Но Оля не услышит. Голоса – как сквозь снег, сквозь густой снег, падающий на город, на площади, переулки и улицы. Снег падает на город, а по городу идет хрупкая юная девушка, послевоенная принцесса, летящая Снегурочка – приталенное пальто с меховым воротником, бархатная муфточка, светлый локон из-под шерстяного платка, иней на ресницах. Оленька идет, не зная куда, но знает, что там, впереди, ждут те, кто любит ее… там, впереди, ждет прекрасная, неведомая, счастливая жизнь.
7
На похоронах Валера не плакал. Разумеется, не потому, что в результате многолетних практик изжил в себе земные привязанности, – он знал, что с привязанностями у него все без особых изменений. Скорее, его смущала однозначность предписанной ему роли. Людей было немного – папа, тетя Женя, несколько бывших папиных студентов да три мамины одноклассницы, о которых Валера даже не слышал никогда, но все они, казалось, глядели на него, ожидая, когда наконец он проявит свою скорбь. Он вспомнил роман Камю, которого никогда не любил, устыдился своего сходства с Мерсо, но заплакать все равно не смог.

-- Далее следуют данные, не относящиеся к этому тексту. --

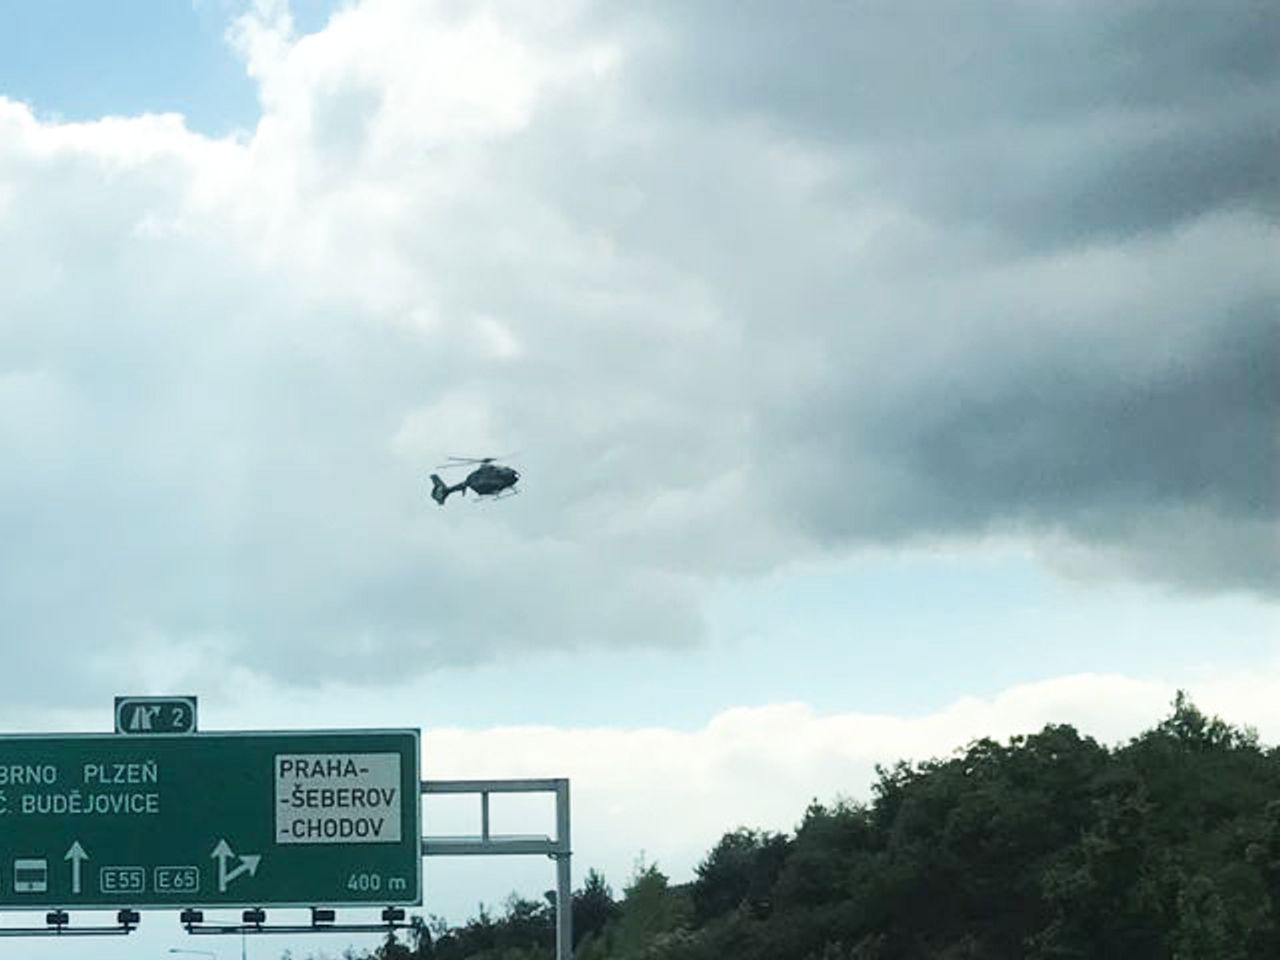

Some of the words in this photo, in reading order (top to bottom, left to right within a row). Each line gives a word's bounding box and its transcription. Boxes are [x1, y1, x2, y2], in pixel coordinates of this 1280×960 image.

Возвращаясь домой, Валера смотрел в окно троллейбуса. Москва в ожидании Нового года была пышно иллюминирована, над улицей сверкали пятиконечные звезды, кое-где у метро высились огромные елки, все в лампочках гирлянд. Валера ехал сквозь тьму, глаза его были горячи и сухи, в зрачках отражались вспышки праздничного света. Он думал, что его мама сейчас затеряна во тьме еще глуше, и огни, являющиеся там, скорее вызовут у нее страх или отвращение, чем вселят надежду.
Валера знал, что существуют священные тексты, которые надо читать над телом умершего, но мама не была ни буддисткой, ни христианкой, и потому ни Тибетская книга мертвых, ни Псалтирь ей бы не помогли. Во что она верила? Верила ли она хоть во что-то?
Валера не знал.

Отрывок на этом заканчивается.